Art. 37. A administração pública direta e indireta de qualquer dos Poderes da União, dos Estados, do Distrito Federal e dos Municípios obedecerá aos princípios de legalidade, impessoalidade, moralidade, publicidade e eficiência e, também, ao seguinte: (...)
VIII - a lei reservará percentual dos cargos e empregos públicos para as pessoas portadoras de deficiência e definirá os critérios de sua admissão; (...).
No plano federal, a Lei n. 8.112/90 determinou a reserva de até 20% das vagas oferecidas no concurso às pessoas com deficiência.

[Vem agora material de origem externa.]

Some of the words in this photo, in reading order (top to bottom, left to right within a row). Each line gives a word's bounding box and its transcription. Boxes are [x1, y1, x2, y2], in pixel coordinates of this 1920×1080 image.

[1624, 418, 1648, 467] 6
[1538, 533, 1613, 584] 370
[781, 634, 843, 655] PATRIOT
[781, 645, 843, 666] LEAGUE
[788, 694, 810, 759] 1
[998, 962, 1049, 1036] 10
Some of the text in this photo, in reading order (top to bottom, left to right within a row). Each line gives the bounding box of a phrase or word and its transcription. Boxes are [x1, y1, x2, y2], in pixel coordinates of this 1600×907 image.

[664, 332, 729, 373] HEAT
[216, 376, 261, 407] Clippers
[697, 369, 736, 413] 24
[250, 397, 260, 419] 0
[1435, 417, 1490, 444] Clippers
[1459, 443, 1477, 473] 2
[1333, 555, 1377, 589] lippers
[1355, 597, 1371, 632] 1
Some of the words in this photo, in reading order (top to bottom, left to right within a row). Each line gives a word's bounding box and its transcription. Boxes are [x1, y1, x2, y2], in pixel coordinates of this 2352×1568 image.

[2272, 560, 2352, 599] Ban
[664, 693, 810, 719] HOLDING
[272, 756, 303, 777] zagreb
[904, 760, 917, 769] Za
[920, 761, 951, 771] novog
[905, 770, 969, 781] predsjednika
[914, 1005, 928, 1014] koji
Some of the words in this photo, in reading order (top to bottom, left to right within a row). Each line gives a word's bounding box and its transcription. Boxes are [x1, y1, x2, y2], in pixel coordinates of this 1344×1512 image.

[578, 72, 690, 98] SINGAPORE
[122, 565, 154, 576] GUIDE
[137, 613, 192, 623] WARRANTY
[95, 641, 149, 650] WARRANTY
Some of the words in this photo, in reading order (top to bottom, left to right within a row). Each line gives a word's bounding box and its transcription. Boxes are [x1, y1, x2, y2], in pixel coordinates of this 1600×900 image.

Art. 5o São requisitos básicos para investidura em cargo público:
(...)
§ 2o Às pessoas portadoras de deficiência é assegurado o direito de se inscrever em concurso público para provimento de cargo cujas atribuições sejam compatíveis com a deficiência de que são portadoras; para tais pessoas serão reservadas até 20% (vinte por cento) das vagas oferecidas no concurso. (...)
O Decreto n. 3.298/99, que dispõe sobre a Política Nacional para a Integração da Pessoa Portadora de Deficiência, determina a reserva de no mínimo 5% das vagas. Caso a aplicação do percentual resulte em número fracionado, deverá haver o arredondamento das vagas para o próximo número inteiro.
Art. 37. Fica assegurado à pessoa portadora de deficiência o direito de se inscrever em concurso público, em igualdade de condições com os demais candidatos, para provimento de cargo cujas atribuições sejam compatíveis com a deficiência de que é portador.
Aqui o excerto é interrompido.